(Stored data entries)
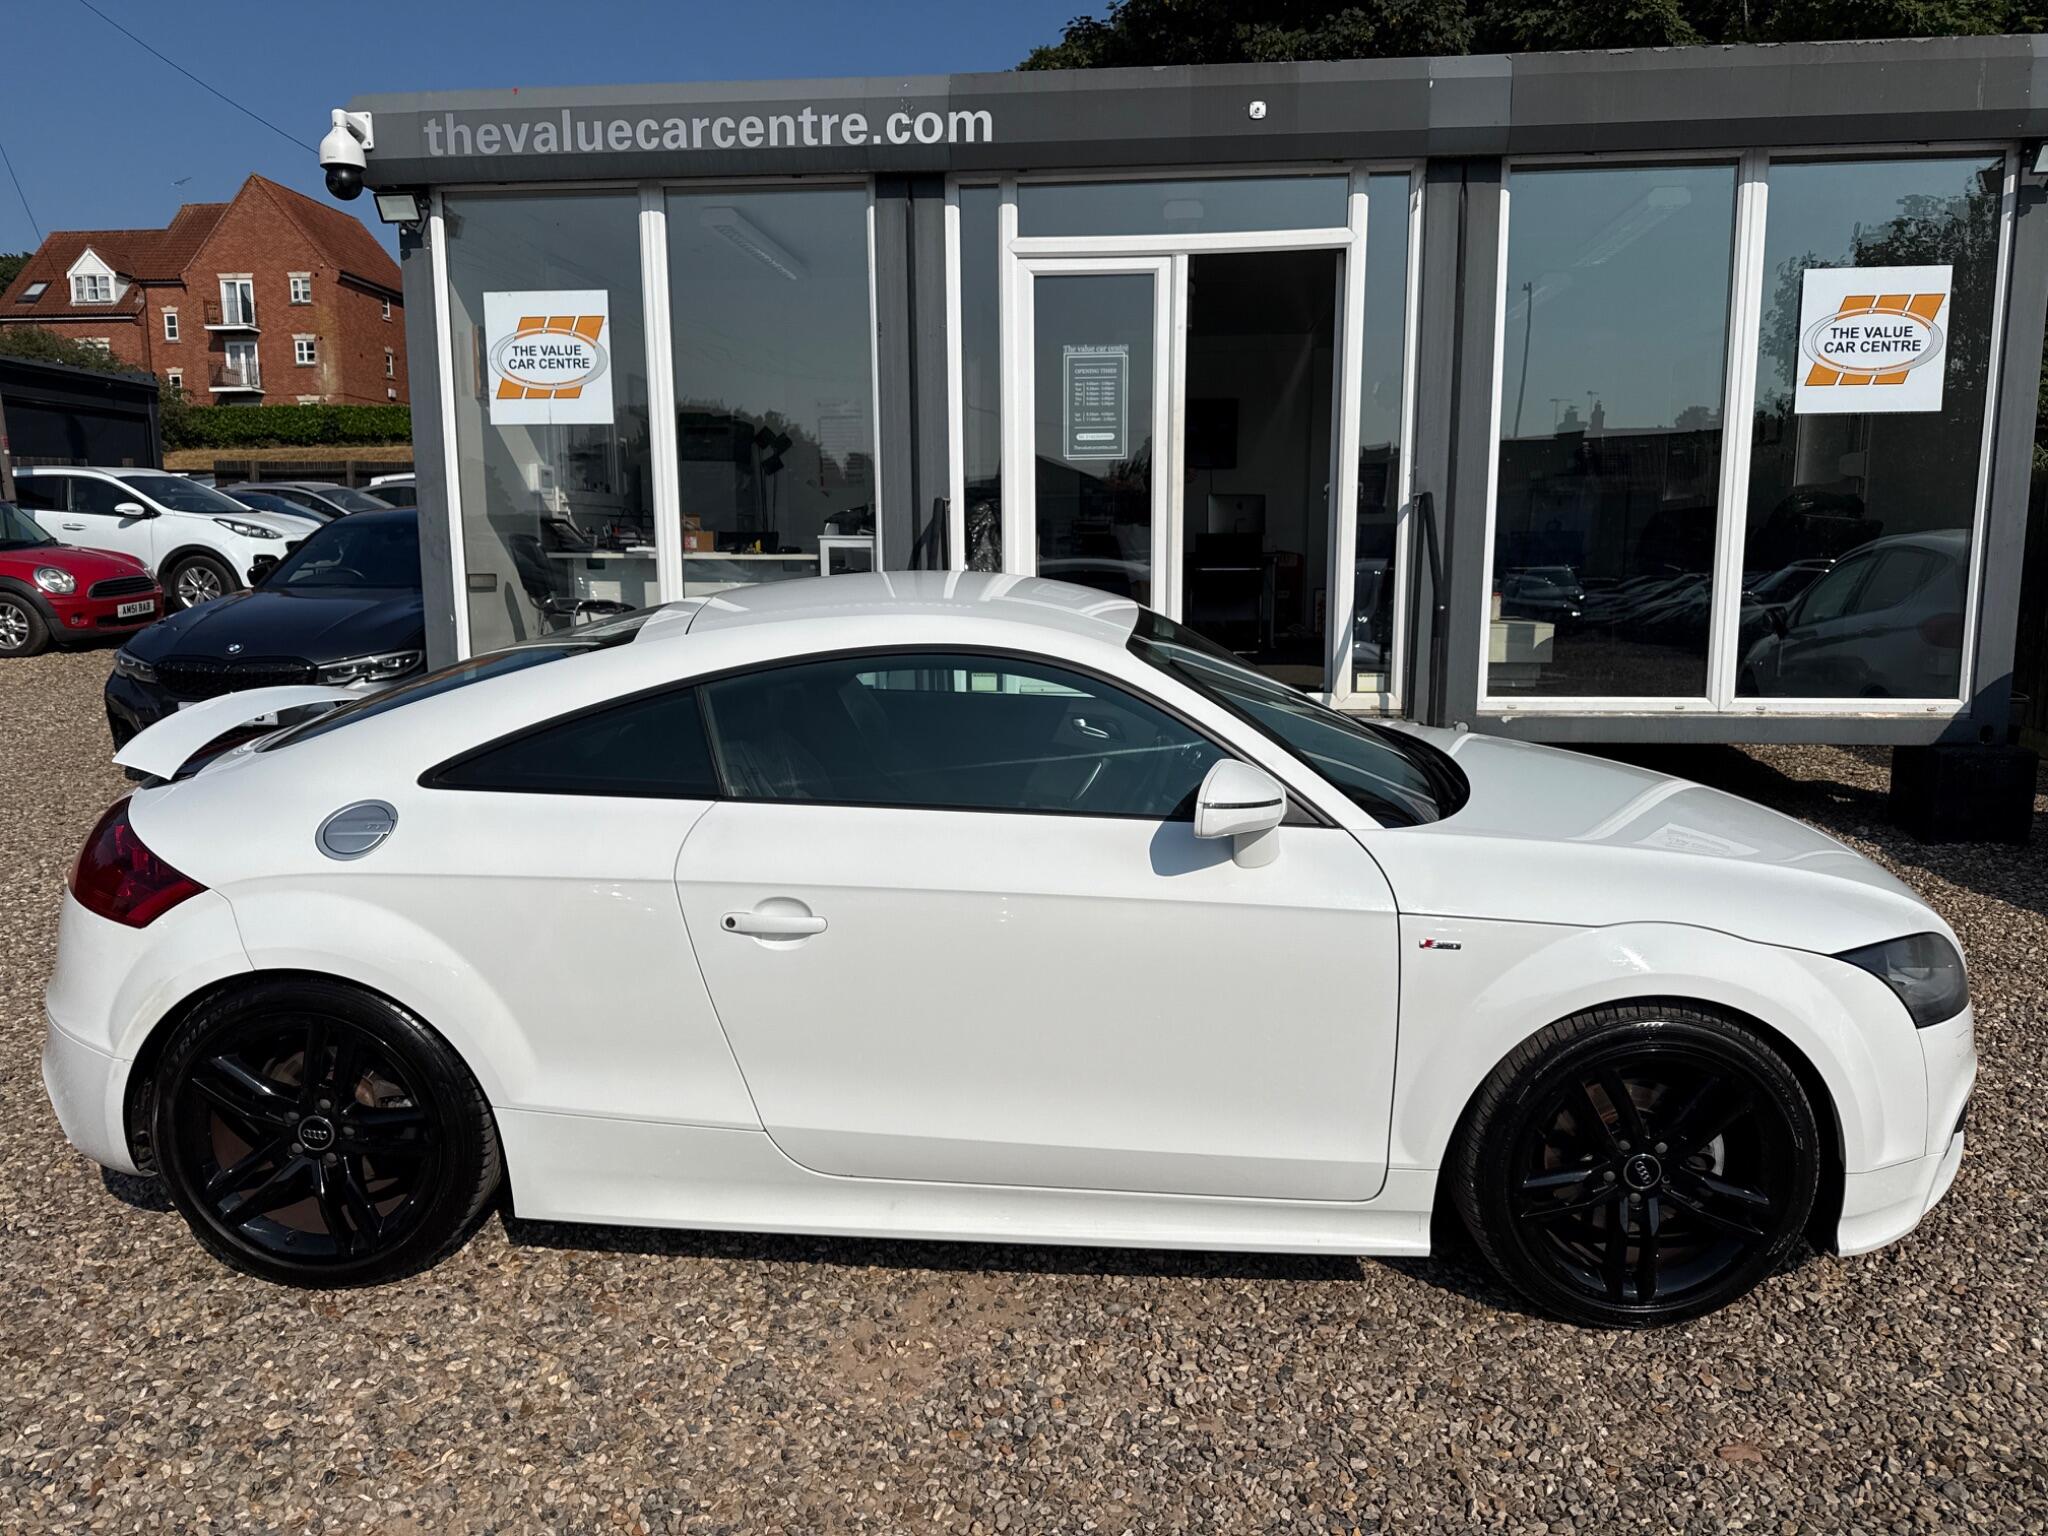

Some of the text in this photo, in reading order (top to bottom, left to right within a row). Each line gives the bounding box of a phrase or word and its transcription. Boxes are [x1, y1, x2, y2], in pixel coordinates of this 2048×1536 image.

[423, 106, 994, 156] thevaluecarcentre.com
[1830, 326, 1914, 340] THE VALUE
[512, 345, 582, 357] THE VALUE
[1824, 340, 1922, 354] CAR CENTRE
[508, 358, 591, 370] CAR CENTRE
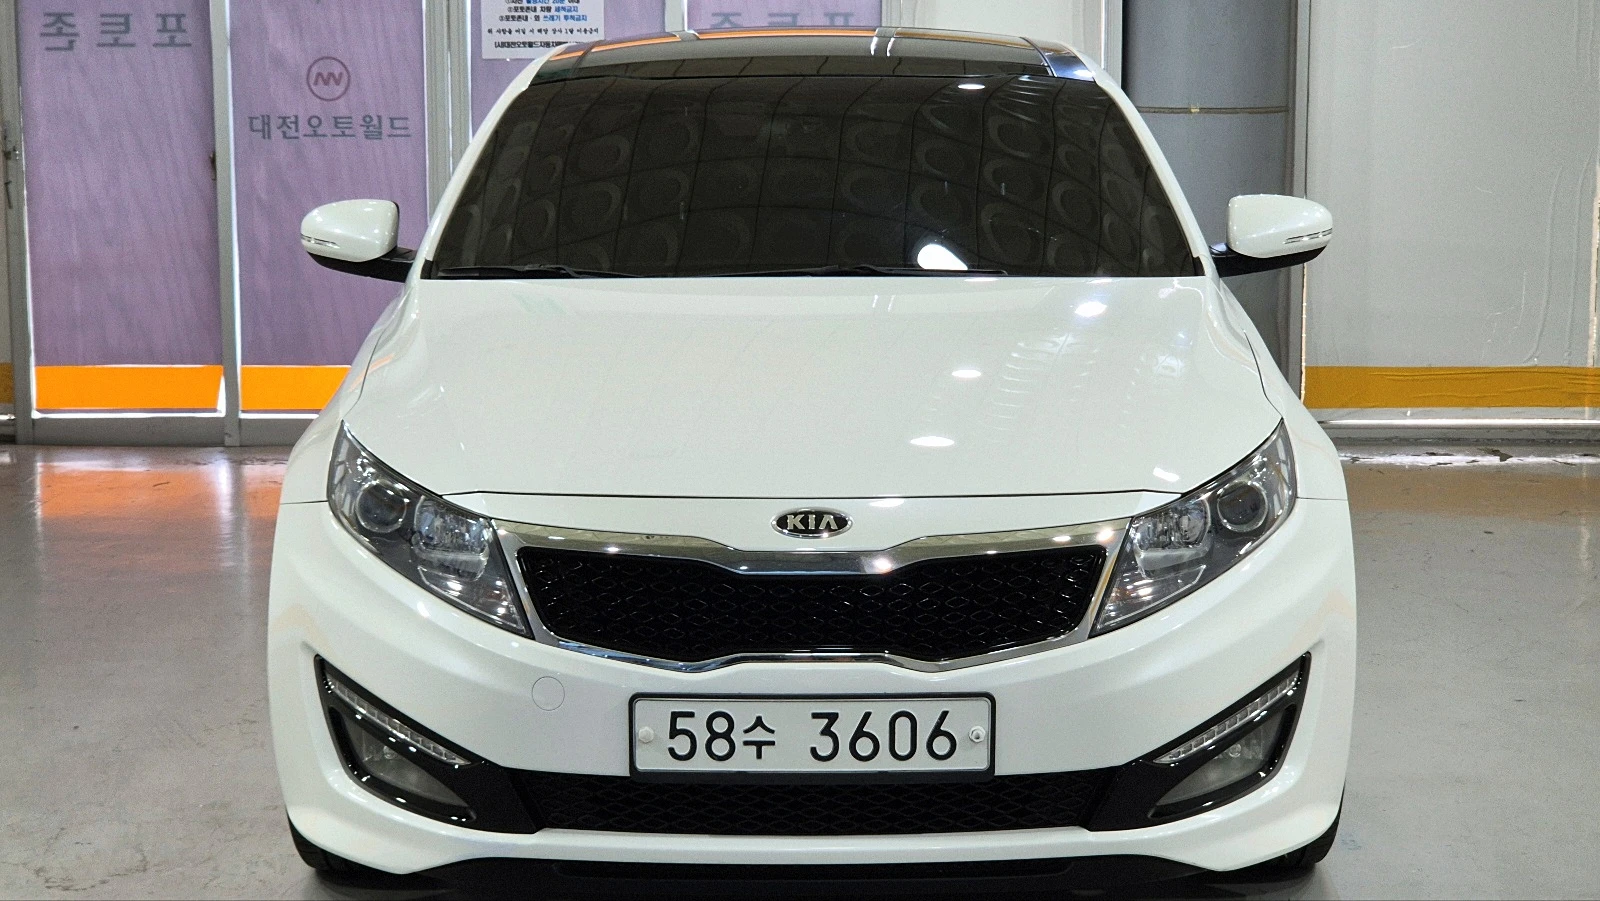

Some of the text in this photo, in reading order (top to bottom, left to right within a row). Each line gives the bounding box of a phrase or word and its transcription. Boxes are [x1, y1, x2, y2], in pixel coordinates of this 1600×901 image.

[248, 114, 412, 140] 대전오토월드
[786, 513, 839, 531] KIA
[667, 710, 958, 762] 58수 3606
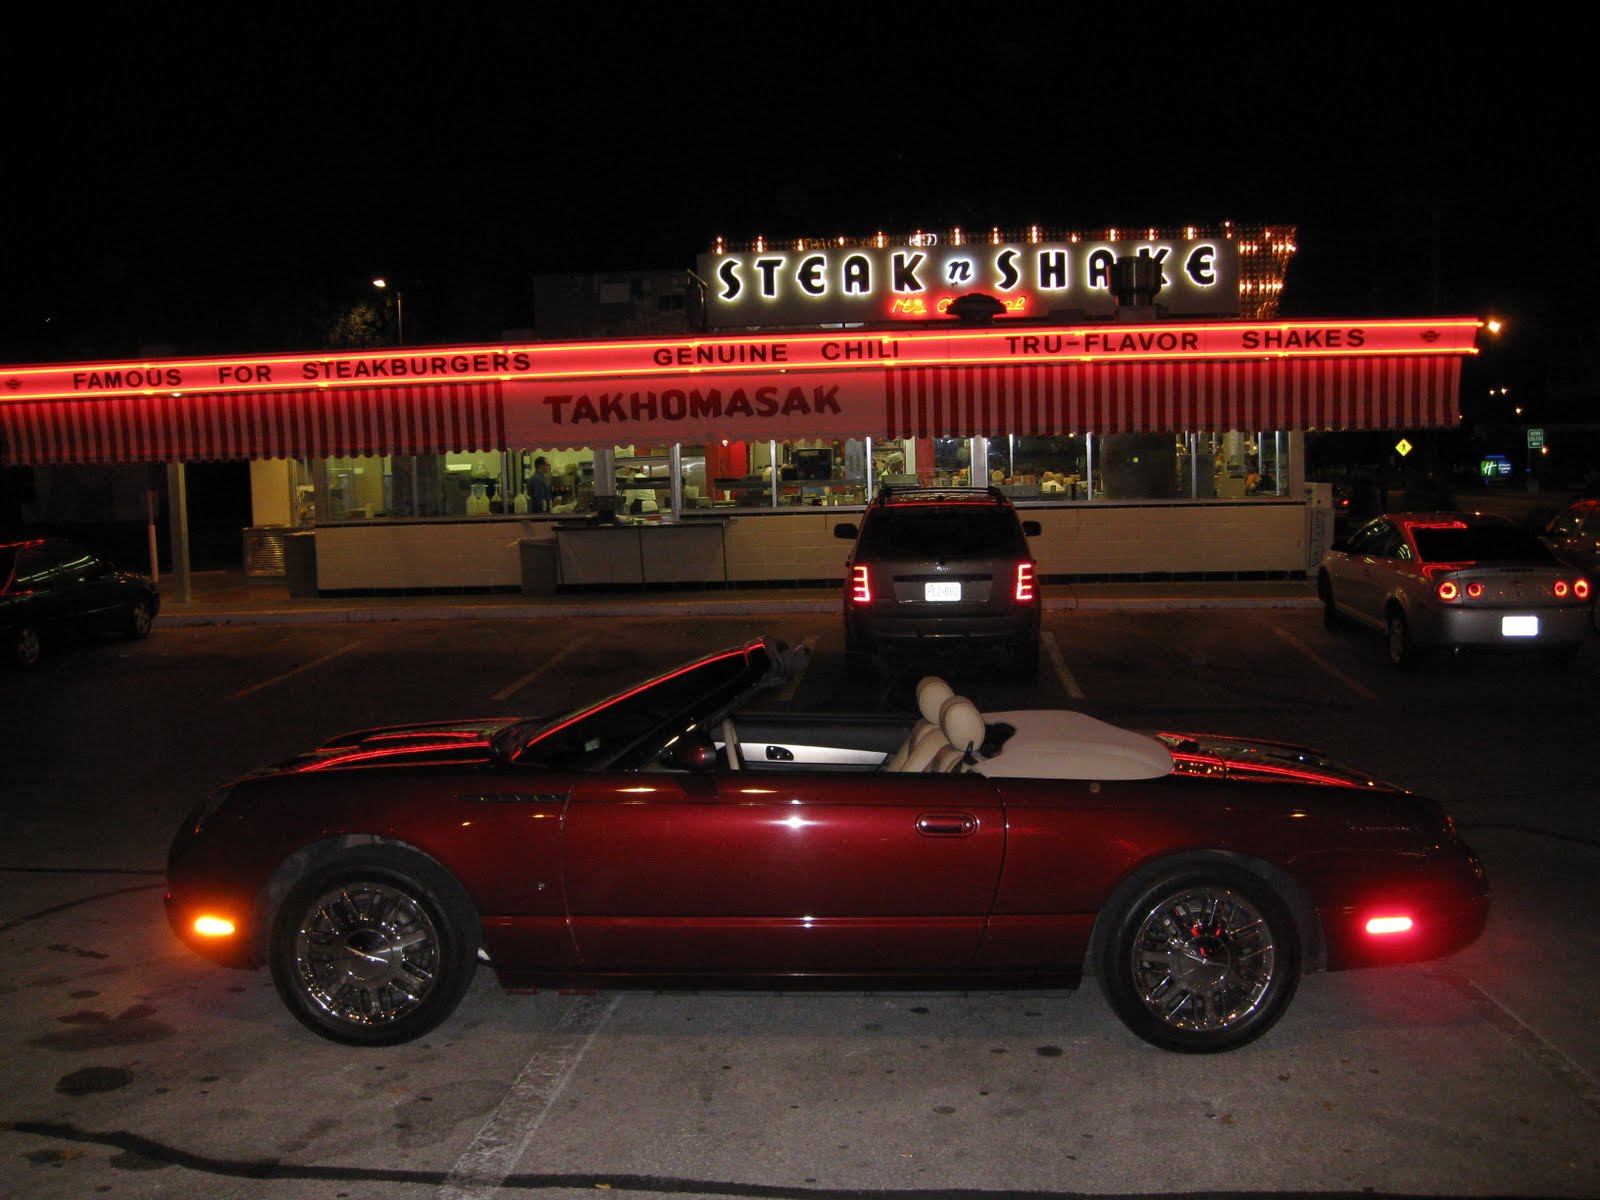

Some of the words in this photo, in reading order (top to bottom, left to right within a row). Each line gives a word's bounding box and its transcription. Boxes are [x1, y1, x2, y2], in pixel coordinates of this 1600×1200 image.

§ Task requirements:
Each entry is to be output exactly, and no picture is to appear.

§ Worked solution:
Some of the text in this photo, in reading order (top to bottom, left to right within a row). Each line gives the bounding box of a phrase or word and its transcription. Boxes are [x1, y1, x2, y2], in pixel coordinates of this 2048×1536 image.

[423, 106, 994, 156] thevaluecarcentre.com
[1830, 326, 1914, 340] THE VALUE
[512, 345, 582, 357] THE VALUE
[1824, 340, 1922, 354] CAR CENTRE
[508, 358, 591, 370] CAR CENTRE

Some of the text in this photo, in reading order (top to bottom, left to right within a row). Each line gives the bounding box of a phrase or word and its transcription. Boxes are [x1, y1, x2, y2], in pixel coordinates of this 1600×901 image.

[248, 114, 412, 140] 대전오토월드
[786, 513, 839, 531] KIA
[667, 710, 958, 762] 58수 3606

Some of the words in this photo, in reading order (top to bottom, left to right within a row). Each line gives a word's bounding box and its transcription. Boxes are [x1, y1, x2, y2], in pixel coordinates of this 1600×1200 image.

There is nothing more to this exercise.